Oct 4
2020
COVID-19 Is Driving Automation Breakthroughs In Laboratories Everywhere
For years leading up to the COVID-19 pandemic, laboratories all around the world had been dealing with severe staffing shortages and major budgetary constraints. Those factors combined to push many facilities to the brink of closure and kept the rest from operating at full capacity for long stretches of time. Then, when the pandemic struck, those issues exploded into a full-blown crisis.
But it wasn’t all bad news. That’s because the sudden flood of work coupled with the need to reduce person-to-person transmission of the virus has prompted many facilities to speed up their plans to adopt additional automation solutions into their workflows. And it’s also giving researchers a reason to push the boundaries of current laboratory automation technologies to see what’s possible.
Here’s an overview of the forces behind automation’s growth in laboratories, as well as how the available technology is coming together to create the laboratory facilities of the future.
Automation Adoption Rising
Even as the pandemic continues to rage, there’s growing evidence that automation is going to emerge as the cornerstone of the post-COVID-19 laboratory. Already, industry analysts are beginning to include the pandemic’s effects on the market. One such analysis predicts that the pandemic is behind an accelerating growth rate expected to top a 6% CAGR between now and 2024. That outlook points to a huge uptick in both interest and investment in automation technologies, at a pace that far outstrips pre-pandemic levels.

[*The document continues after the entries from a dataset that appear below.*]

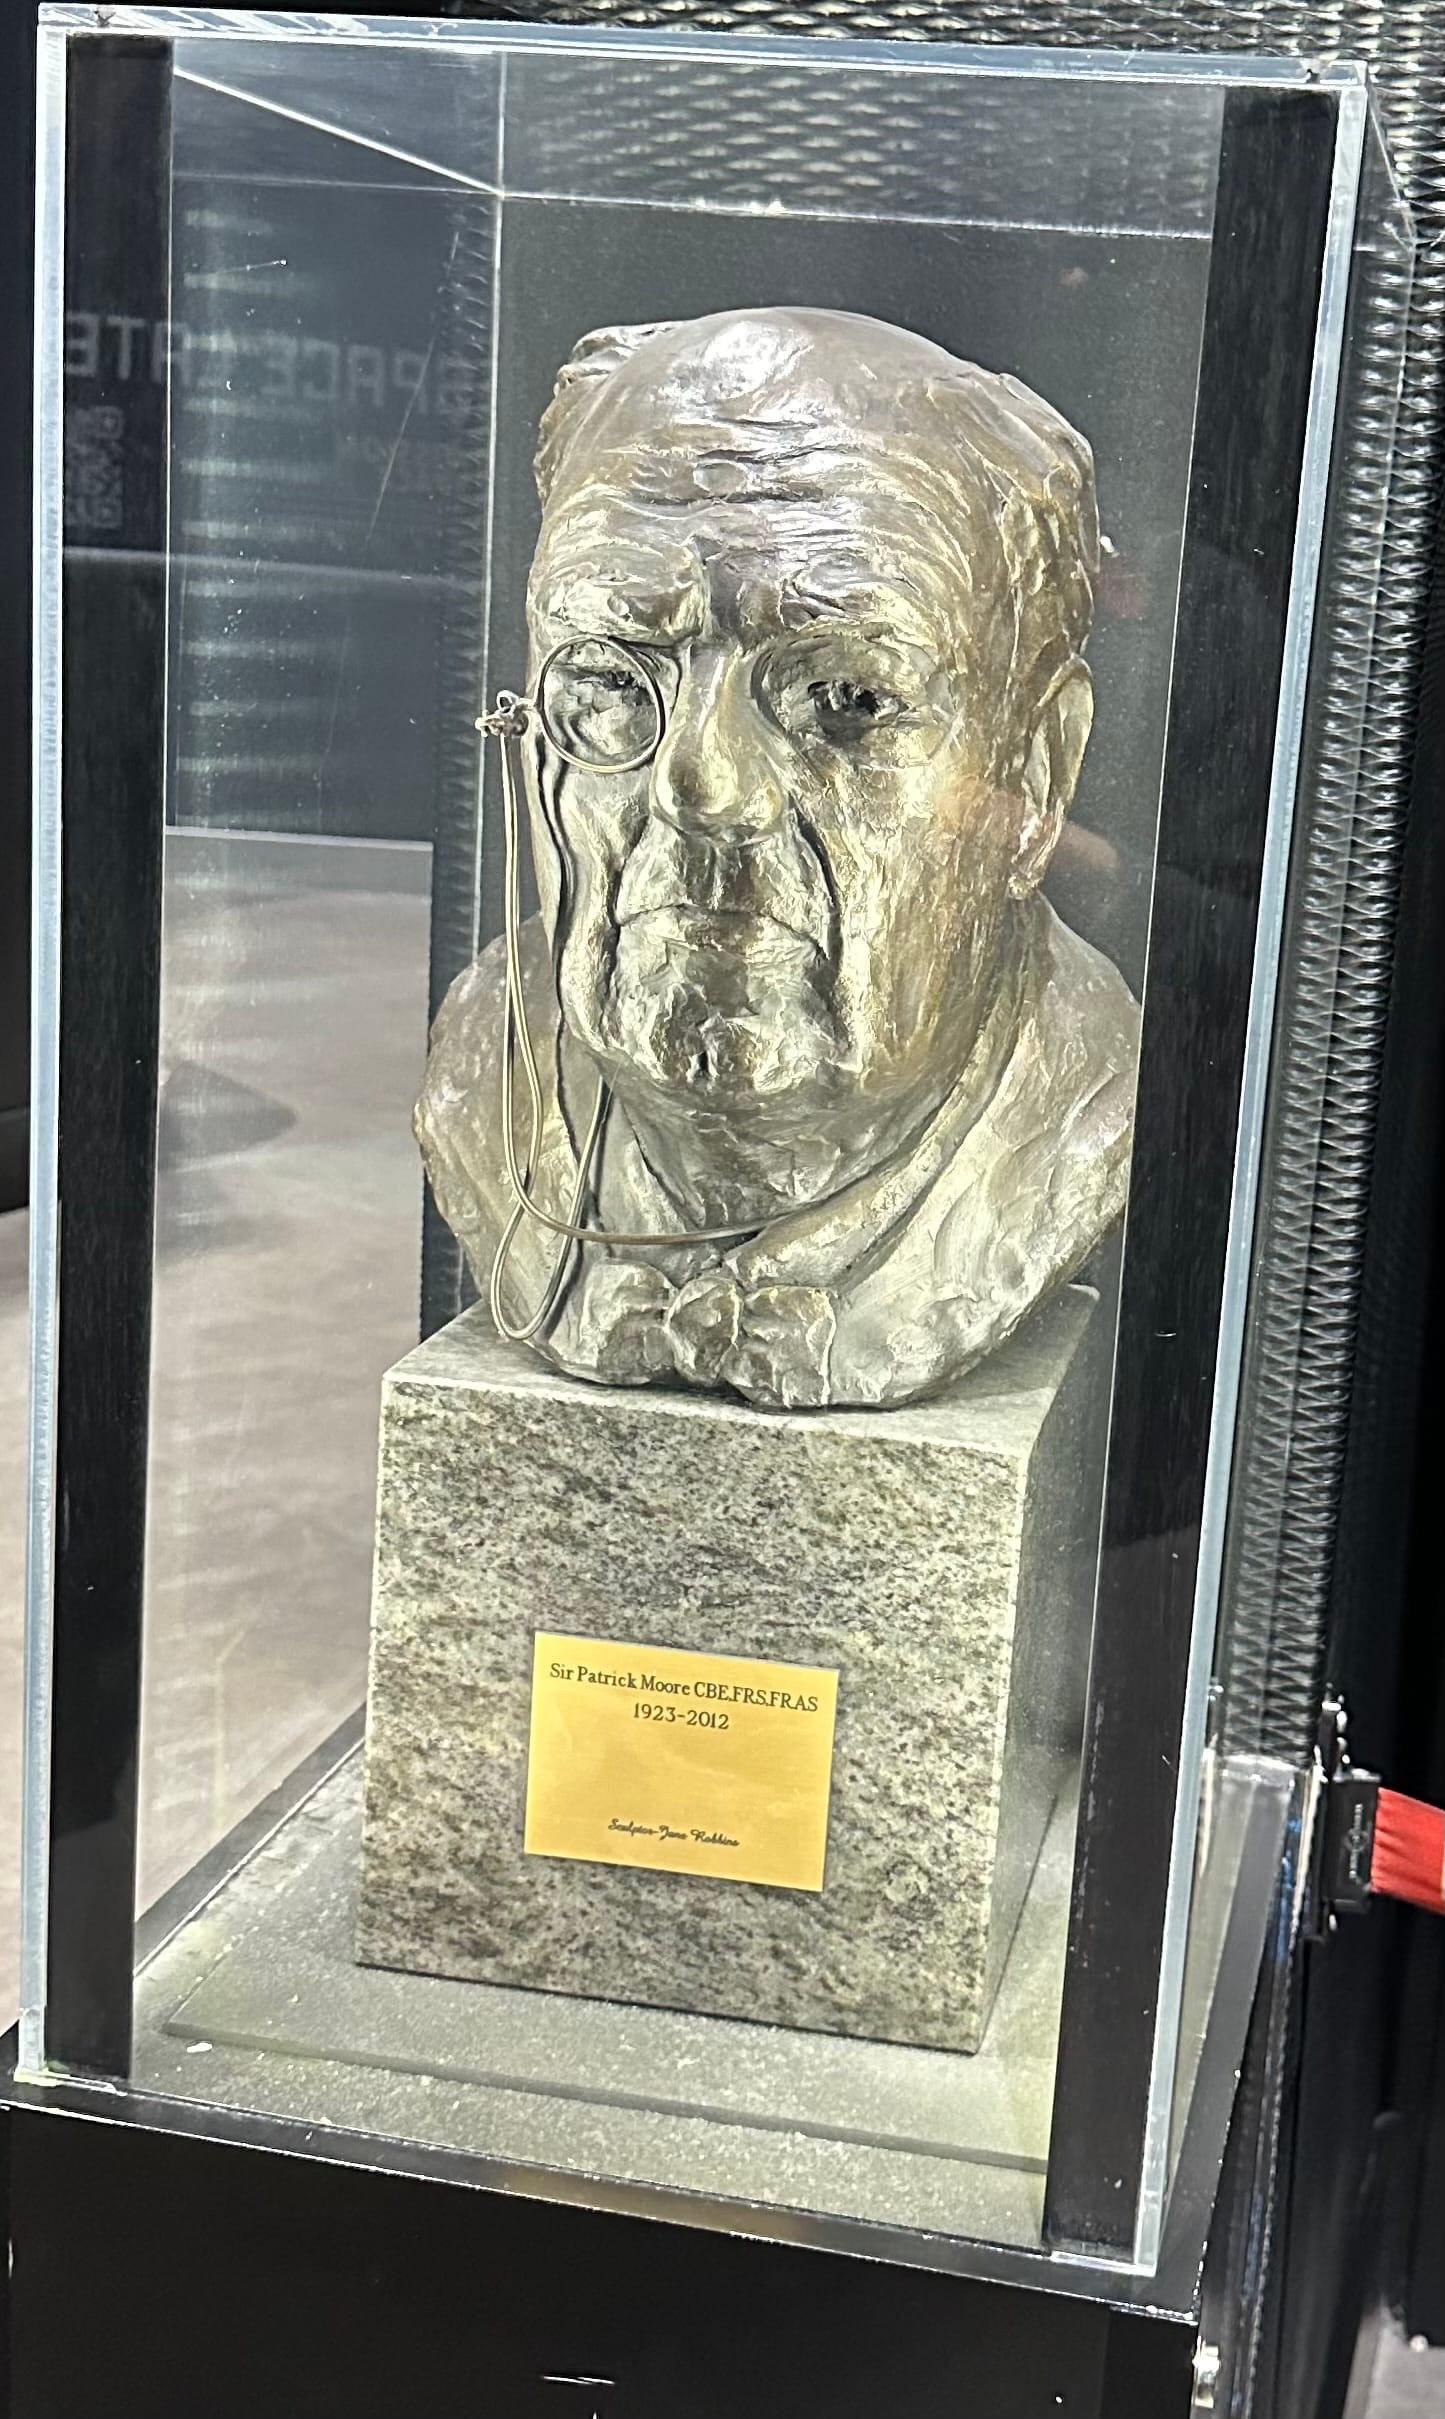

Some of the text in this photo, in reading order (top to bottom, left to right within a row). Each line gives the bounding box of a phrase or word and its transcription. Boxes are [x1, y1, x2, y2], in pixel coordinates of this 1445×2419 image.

[549, 1662, 575, 1681] Sir
[576, 1665, 637, 1690] Patrick
[640, 1673, 691, 1696] Moore
[633, 1702, 730, 1730] 1923-2012
[689, 1828, 740, 1847] Robbins

Outside Investment Increasing, Boosting Upgrades
It’s also important to note that the surge in interest (and need) for laboratory automation isn’t happening in a vacuum. It’s happening at a time when laboratories are receiving a burst of both public and private funding streams intended to help them scale up to meet current and future challenges. In the US, the Department of Health and Human Services recently announced over $6.4 million of additional funding going to two major US labs to help them purchase new equipment to increase their capacity in the near term.